Chapter 4 mathematically defined the SDDLBP and stated that it belongs to the class of NP- complete problems, necessitating specialized solution techniques. This dissertation makes use of techniques from combinatorial optimization which is a brand of optimization in applied mathematics and computer science that is related to operations research (OR), algorithm theory, artificial intelligence (AI) and computational complexity theory. Recent heuristic and metaheuristic innovations have tended frequently to become aligned with AI and OR. Hence in order to investigate what is current in heuristic or metaheuristic ideas, it is appropriate to examine procedures that have acquired some of the imprint of the AI and OR domain. In the domain of combinatorial optimization, the set of feasible solutions is discrete or can be reduced to one with the goal of finding the best possible solution. Solution methods including heuristics and metaheuristics generally provide near (optimal) solutions.

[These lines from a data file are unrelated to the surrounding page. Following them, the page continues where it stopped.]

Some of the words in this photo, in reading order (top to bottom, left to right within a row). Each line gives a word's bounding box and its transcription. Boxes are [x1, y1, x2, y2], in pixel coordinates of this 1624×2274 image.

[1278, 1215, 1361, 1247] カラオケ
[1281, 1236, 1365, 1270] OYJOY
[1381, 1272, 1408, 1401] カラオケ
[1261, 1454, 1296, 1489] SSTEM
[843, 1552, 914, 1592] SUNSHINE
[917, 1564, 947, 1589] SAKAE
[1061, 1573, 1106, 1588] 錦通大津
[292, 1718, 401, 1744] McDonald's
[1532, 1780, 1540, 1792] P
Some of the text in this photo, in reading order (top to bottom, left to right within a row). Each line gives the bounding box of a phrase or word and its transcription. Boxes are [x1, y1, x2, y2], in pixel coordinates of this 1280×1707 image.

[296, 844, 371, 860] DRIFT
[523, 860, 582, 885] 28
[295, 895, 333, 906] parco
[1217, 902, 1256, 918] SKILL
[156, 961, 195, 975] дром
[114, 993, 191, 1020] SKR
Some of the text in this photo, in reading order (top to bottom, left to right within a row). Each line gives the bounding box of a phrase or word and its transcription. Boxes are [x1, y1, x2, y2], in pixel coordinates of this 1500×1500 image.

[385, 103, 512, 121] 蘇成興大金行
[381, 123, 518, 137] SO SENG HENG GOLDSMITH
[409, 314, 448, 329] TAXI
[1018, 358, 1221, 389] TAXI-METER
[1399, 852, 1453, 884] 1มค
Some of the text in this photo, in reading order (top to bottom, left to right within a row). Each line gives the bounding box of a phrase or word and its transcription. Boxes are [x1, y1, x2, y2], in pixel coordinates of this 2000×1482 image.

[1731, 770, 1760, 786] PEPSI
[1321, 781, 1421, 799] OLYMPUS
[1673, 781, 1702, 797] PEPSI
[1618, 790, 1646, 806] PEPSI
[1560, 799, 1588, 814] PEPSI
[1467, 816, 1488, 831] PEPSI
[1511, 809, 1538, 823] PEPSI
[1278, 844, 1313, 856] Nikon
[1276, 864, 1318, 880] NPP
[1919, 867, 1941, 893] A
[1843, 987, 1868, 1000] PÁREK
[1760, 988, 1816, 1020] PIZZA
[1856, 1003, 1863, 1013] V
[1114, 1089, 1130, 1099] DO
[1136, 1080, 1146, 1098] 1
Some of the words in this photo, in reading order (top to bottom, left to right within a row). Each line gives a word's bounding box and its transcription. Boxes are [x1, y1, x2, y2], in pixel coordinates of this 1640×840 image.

While exhaustive search works well enough in obtaining optimal solutions for small sized instances, its exponential time complexity limits its application on the large sized instances. Combinatorial optimization techniques allow for the generation of a solution which may be optimal or sub-optimal. In this dissertation, seven techniques are proposed making use of well- known metaheuristics for study and comparison. These include ant colony optimization (ACO), river formation dynamics (RFD), tabu search (TS), particle swarm optimization (PSO), simulated annealing (SA), hybrid genetic algorithms (HGA) and artificial bee colony (ABC) metaheuristics. These processed are then applied to the two instances from Chapter 5 for analysis, evaluation and comparison.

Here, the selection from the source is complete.